With the pictures omitted, write out all of the listing exactly.

BEGIN

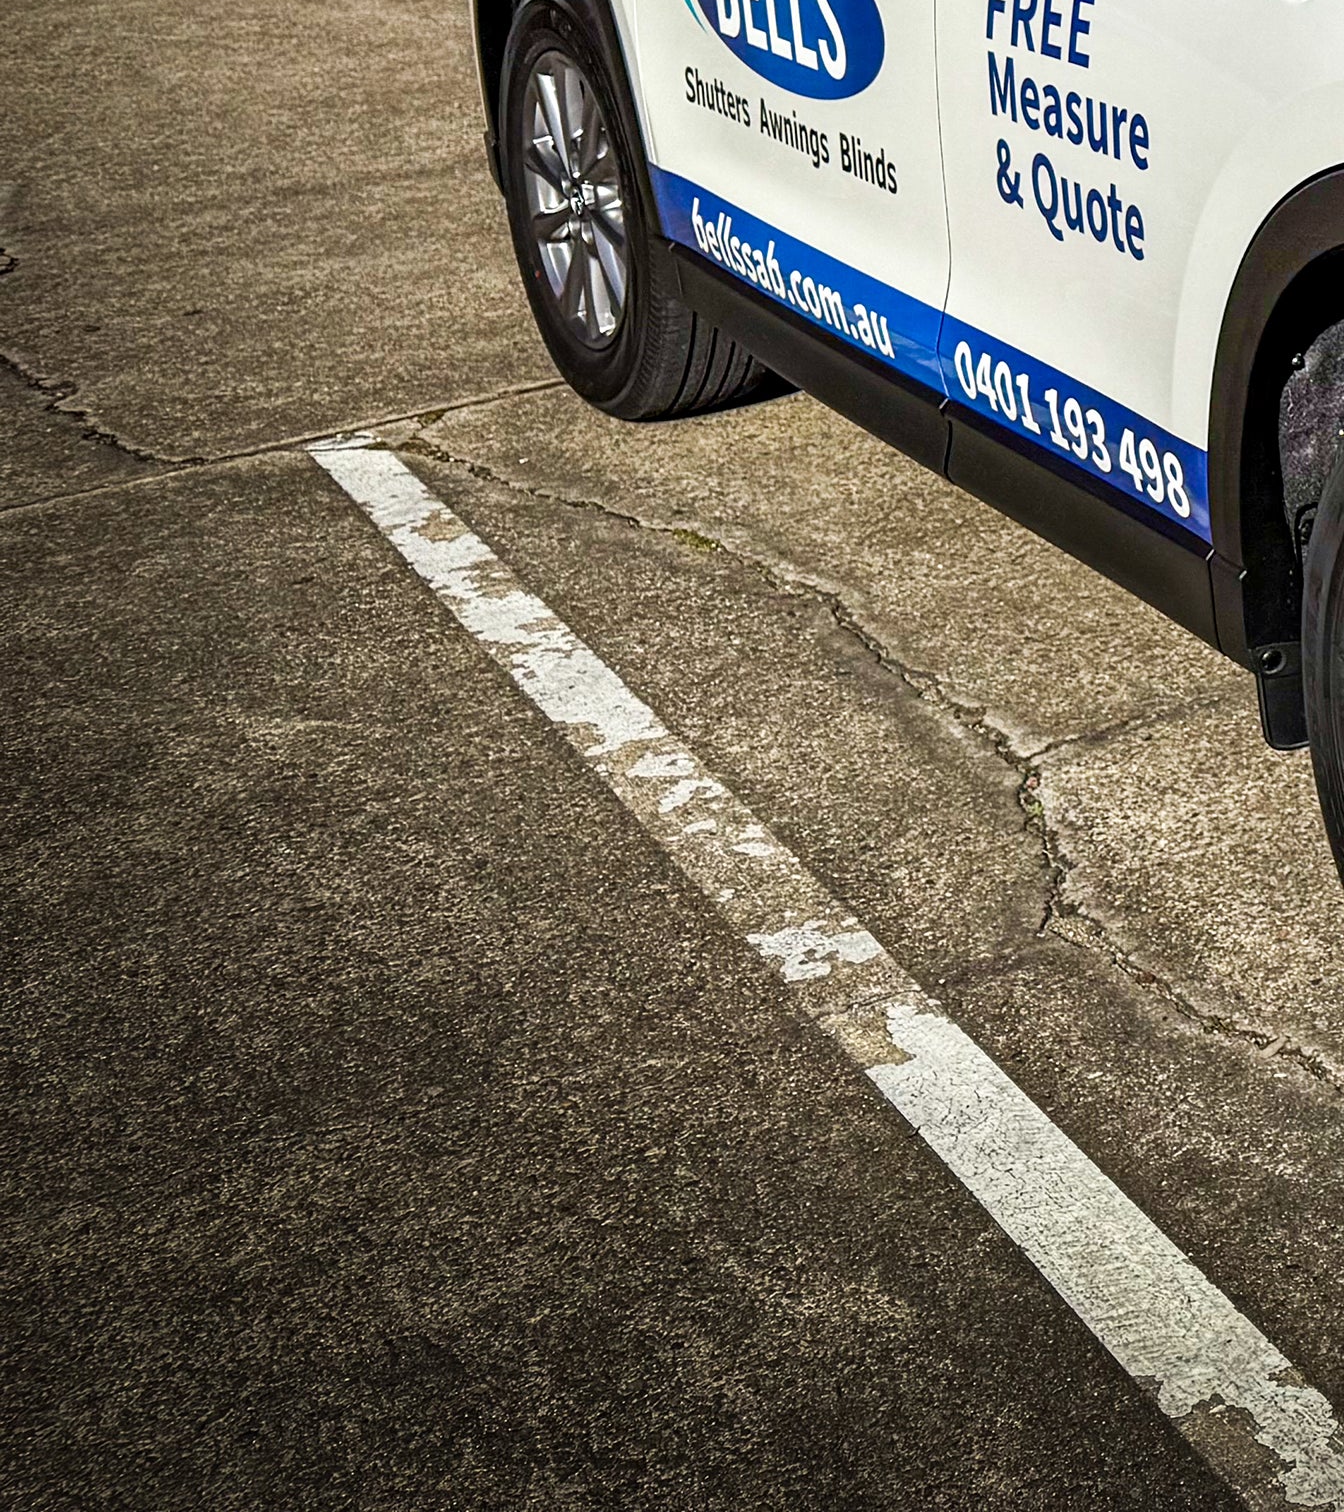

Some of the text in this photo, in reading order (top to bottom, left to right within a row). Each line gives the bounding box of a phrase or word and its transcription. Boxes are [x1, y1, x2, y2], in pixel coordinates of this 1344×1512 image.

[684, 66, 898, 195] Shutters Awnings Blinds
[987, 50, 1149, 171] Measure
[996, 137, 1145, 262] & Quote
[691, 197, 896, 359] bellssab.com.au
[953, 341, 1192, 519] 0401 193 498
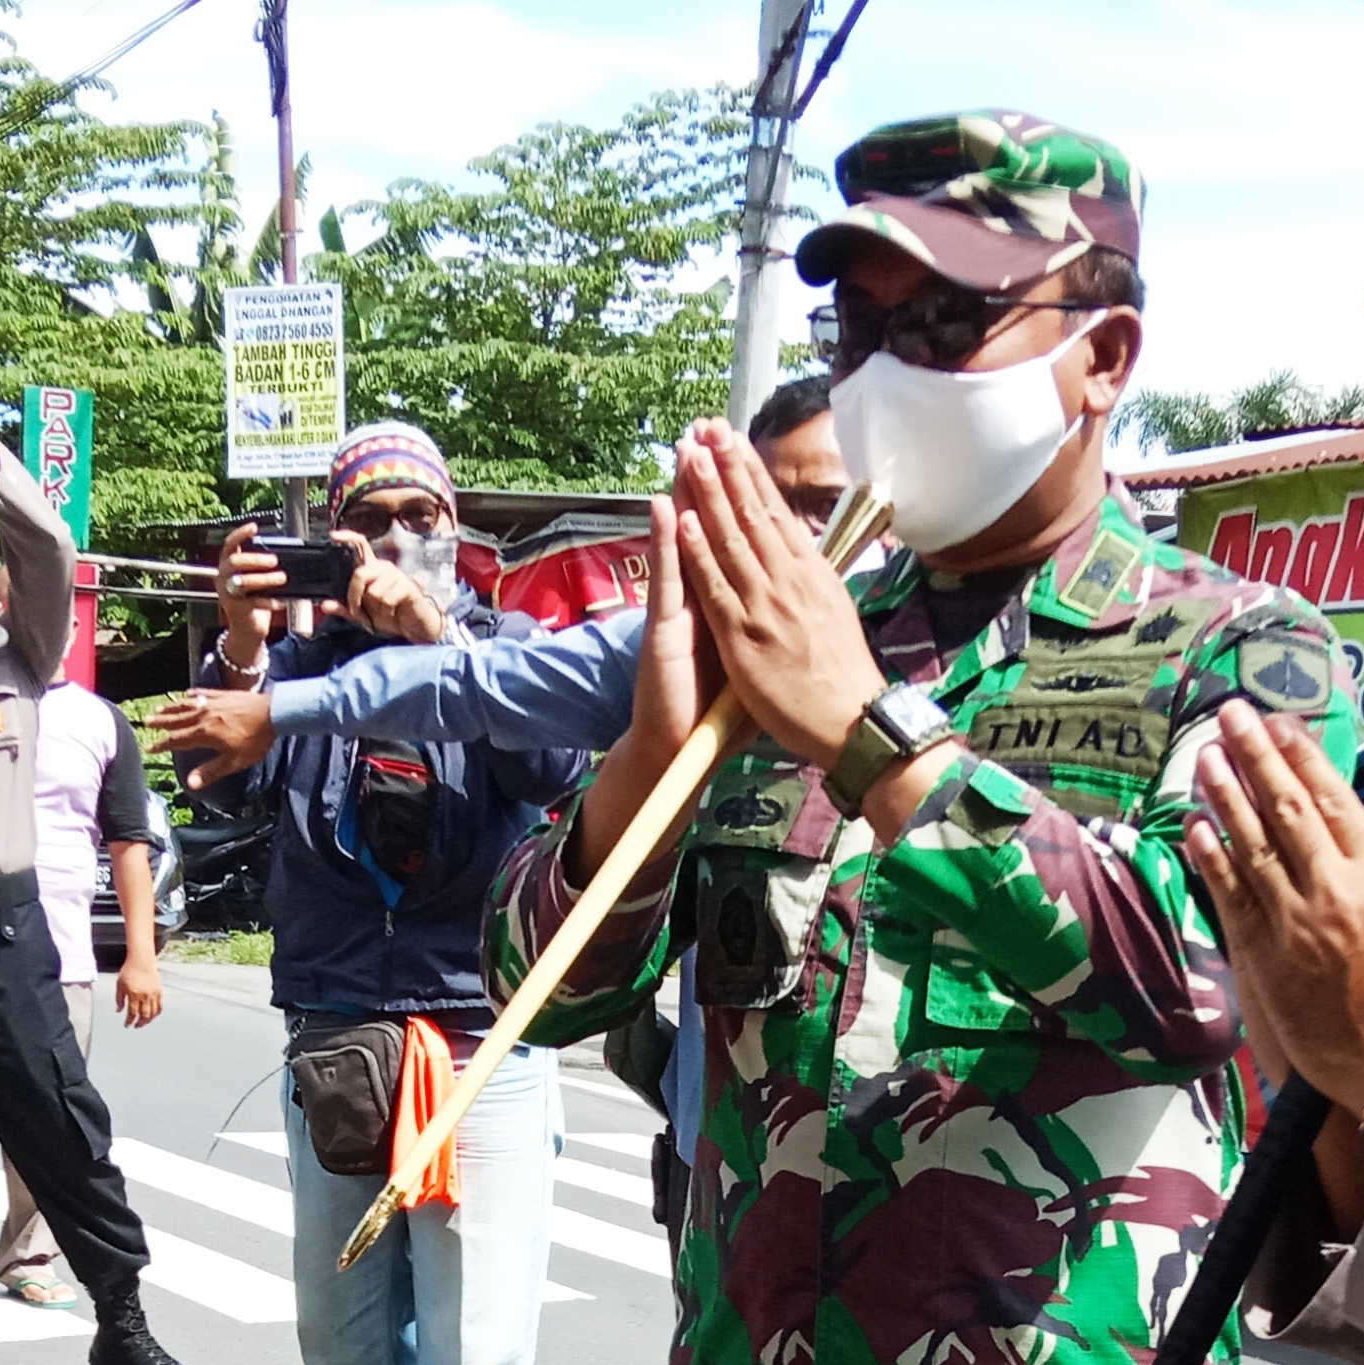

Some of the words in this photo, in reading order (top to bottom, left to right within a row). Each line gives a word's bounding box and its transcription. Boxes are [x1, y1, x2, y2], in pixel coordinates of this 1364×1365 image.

END

§ **RESULT**:
Some of the text in this photo, in reading order (top to bottom, left to right within a row). Each line gives the bounding box of a phrase or word and its transcription. Boxes are [x1, y1, x2, y2], in pixel coordinates of this 1344×1512 image.

[684, 66, 898, 195] Shutters Awnings Blinds
[987, 50, 1149, 171] Measure
[996, 137, 1145, 262] & Quote
[691, 197, 896, 359] bellssab.com.au
[953, 341, 1192, 519] 0401 193 498

Some of the words in this photo, in reading order (top to bottom, left to right within a row). Each line gives a word's bounding box and its transcription. Boxes are [x1, y1, x2, y2], in pixel coordinates of this 1364×1365 image.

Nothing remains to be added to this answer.